The man held up a hand to signal her to stop, “We?”
“Me and my friend Selene. We didn’t want to go to the senior party-” Lyra closed her mouth.
“We are…aware…of the senior’s party. You don’t need to worry about getting anyone in trouble.” The woman said. The man grunted in agreement.
“Right…” Lyra squinted suspiciously, then shrugged. “The party was too loud, and we wanted to get out, so we did. We wandered the streets for a while, then we noticed- what we thought was the sunrise, but it turned out to be the fire. When we figured that out, we ran towards it-”
“Why?” interrupted the man
“Sorry?” said Lyra
“Why did you run towards the fire. And not away from it or something.”
“‘To be a mage is to be in service to the people,’ right? Isn’t that what the Holy Sage always taught?” Lyra asked
The man frowned, “And you’re a mage?”
Lyra gaped, then glared at the man. “I want to be. And if I want to be a mage, I’d better act like one should, right?” The man looked like he was about to respond, “And who the fuck are you to ask me that anyway?” Not her smartest question, in hindsight.
The man’s nostrils flared, and he sat up in his chair, matching her glare, “I am Heracles Bant, Professor of Combat at Waypoint University and High Enforcer of the Tower.”
Lyra paled.
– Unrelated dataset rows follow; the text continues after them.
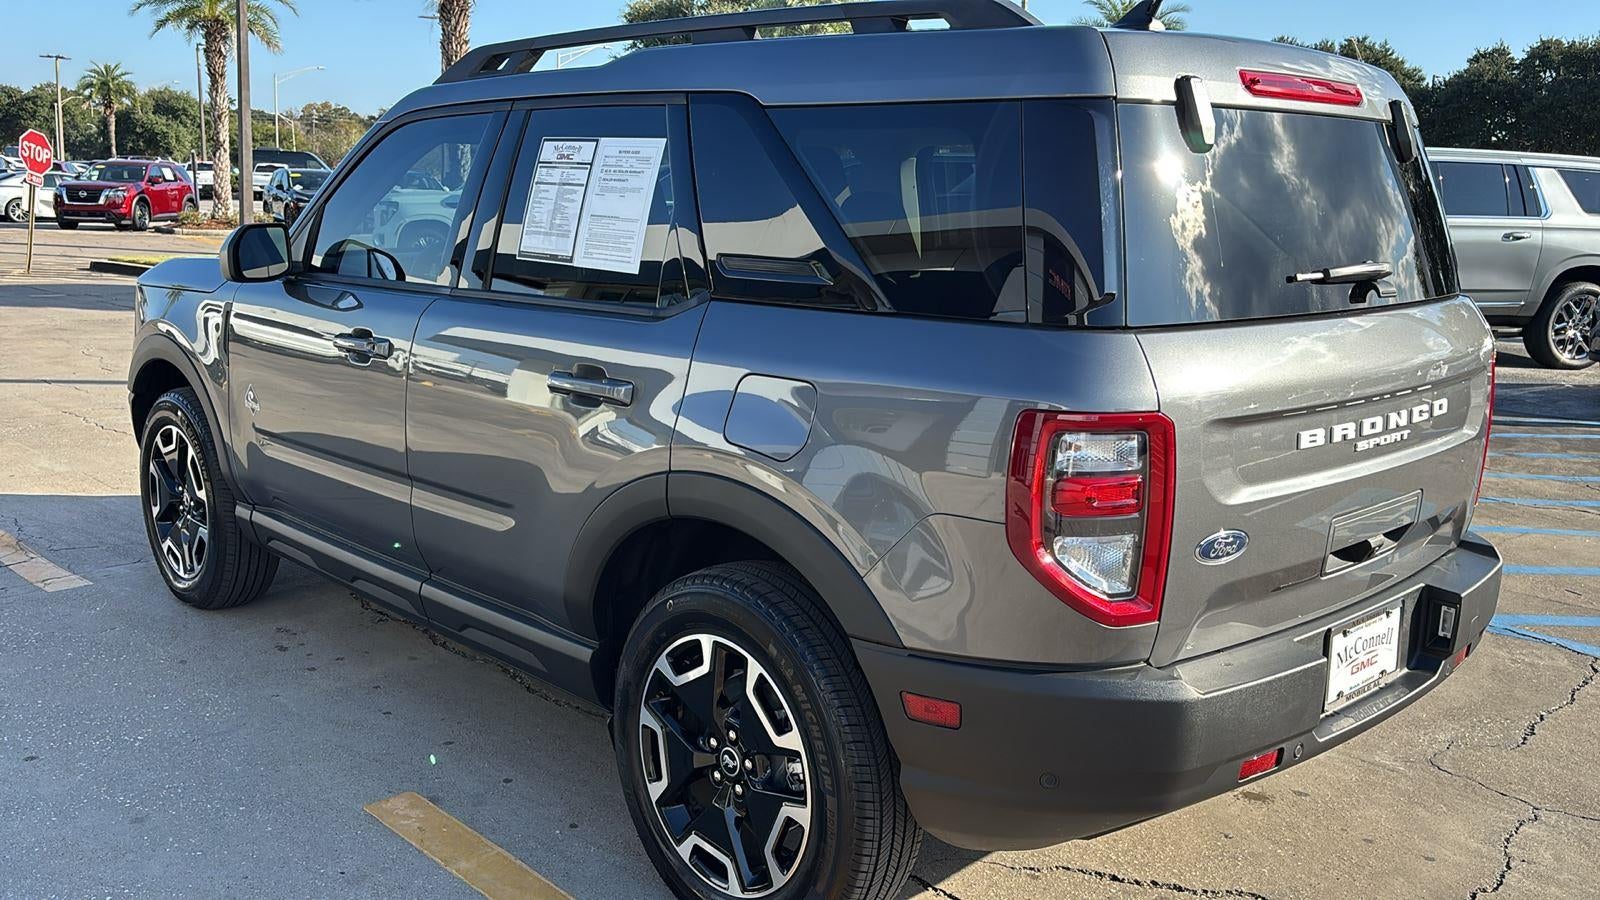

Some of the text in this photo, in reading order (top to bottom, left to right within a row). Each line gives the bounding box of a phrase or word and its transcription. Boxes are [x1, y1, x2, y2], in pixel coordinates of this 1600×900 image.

[21, 141, 51, 164] STOP
[1297, 397, 1449, 450] BRONCO
[1354, 430, 1411, 452] SPORT
[1209, 535, 1240, 558] Ford
[1336, 627, 1394, 669] McConnell
[1350, 653, 1379, 676] GMC
[1345, 684, 1373, 702] MOBILE
[792, 683, 835, 795] MICHELIN
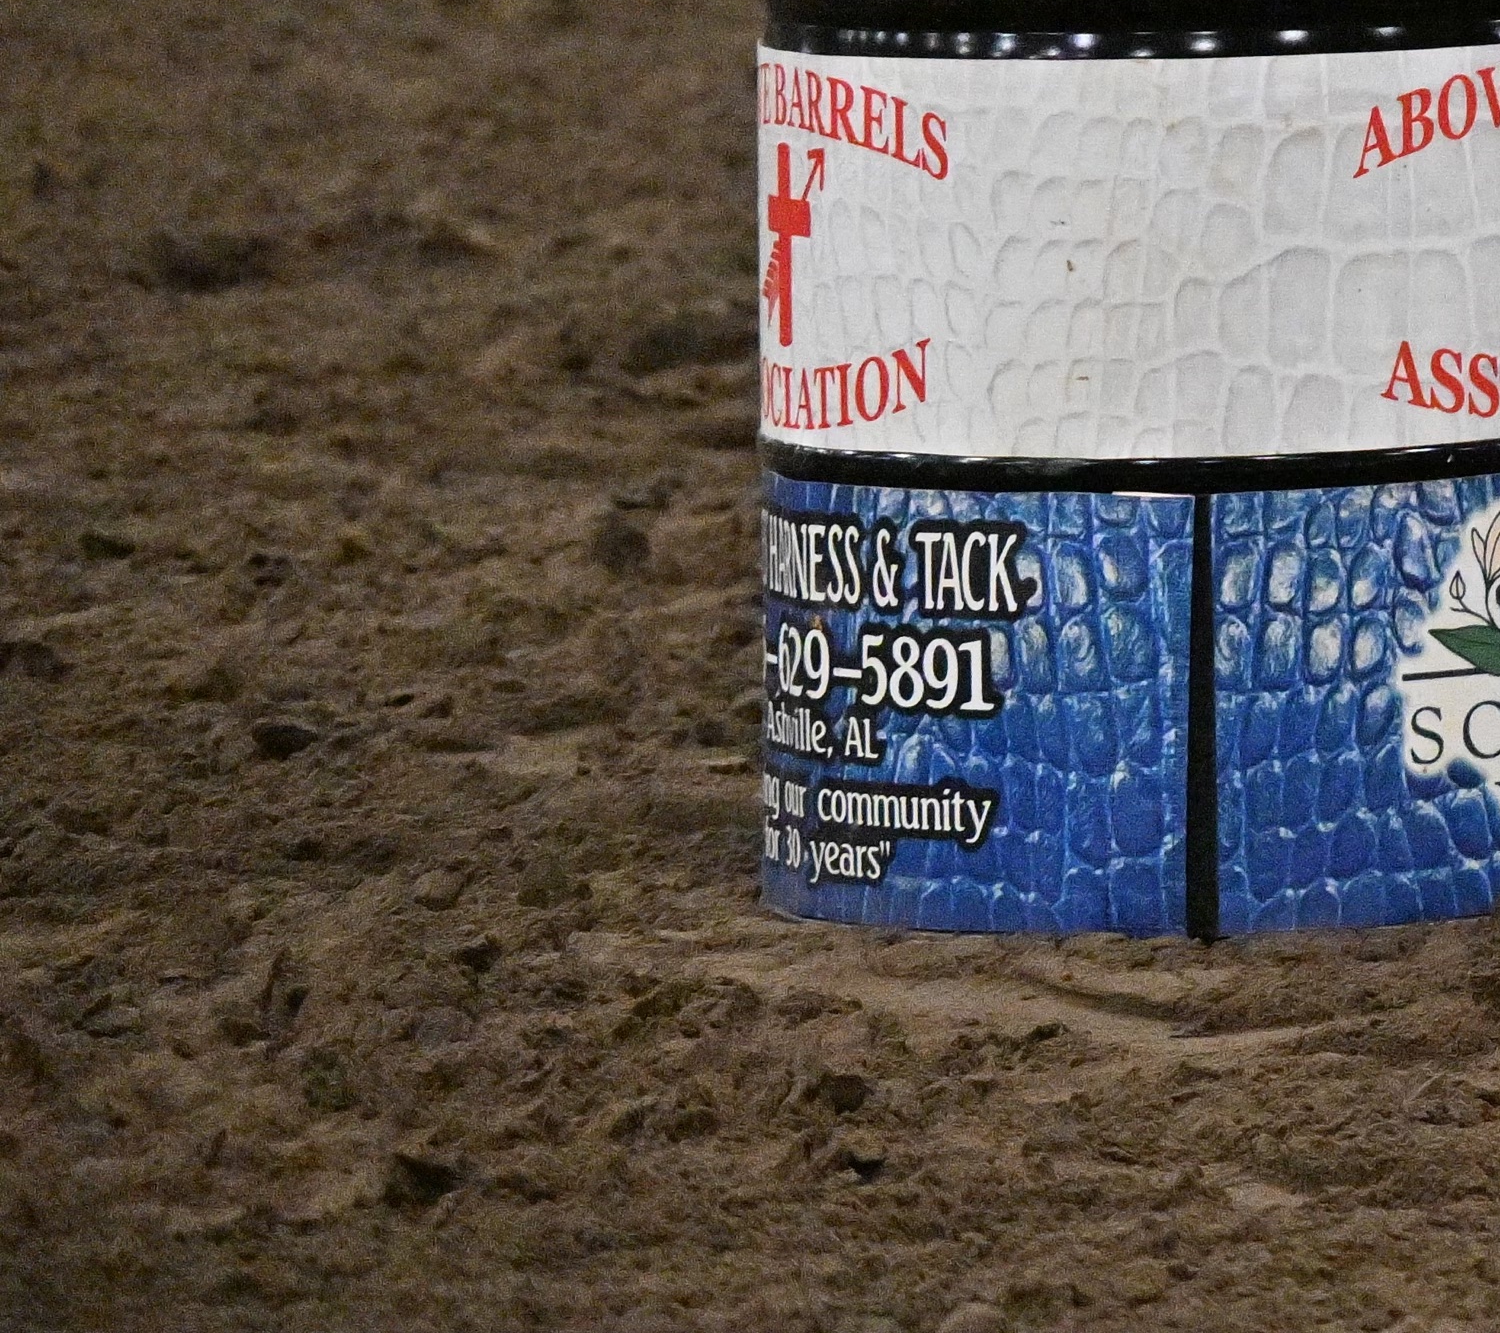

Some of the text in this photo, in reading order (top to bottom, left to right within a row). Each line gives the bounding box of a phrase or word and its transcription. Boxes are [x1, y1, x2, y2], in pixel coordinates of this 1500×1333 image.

No wonder he looked like a soldier. Enforcers were the extensions of the towers' will. Highly trained to a man, they were known to fight battalions. High enforcers, on the other hand, were known to fight entire armies. And win. She’d heard stories of rivers going dry at the wave of a hand, of nascent militaries obliterated in an instant, of cities being levelled in a day. The stories were probably exaggerated, but only probably.
Lyra’s voice wavered “Sorry.” The man deflated, looking a little guilty, and motioned for her to go on.
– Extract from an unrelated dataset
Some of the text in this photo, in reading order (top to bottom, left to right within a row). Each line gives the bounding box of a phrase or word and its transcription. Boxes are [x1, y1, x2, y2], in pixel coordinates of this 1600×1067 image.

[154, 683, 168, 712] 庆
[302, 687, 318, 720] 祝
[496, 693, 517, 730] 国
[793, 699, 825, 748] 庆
Lyra took a moment to gather her thoughts. “So… after running towards the light, and finding the University on fire I…” She decided to leave her breakdown out of the story, as she still wasn’t entirely sure what happened, “saw a figure throw something at a hotel. The hotel lit on fire, and I ran at the figure. It led me through the city, till we met in a plaza where it…attacked me, I think? There was a pain that started in…my…hand.” She looked down at her hand. The man coughed, and she startled.
“Uh. Yeah, something happened that made my hand hurt, then it kind of spread up to my head? Then I blacked out.”
“Seems like whatever it was that made that happen caused the brand,” Bant mused, “Any idea what it could be?” He addressed that question to the other woman, who gave an exasperated look in response.
“As I have told you a thousand times already over the past few days, no I don’t have any idea.” She said rather pointedly.
“Few days!?!?!?” The two turned to look at Lyra, blinking in surprise. The woman coughed, and her cheeks colored a little.
“Yes, three days.” The woman sighed, “You have been asleep for three days.”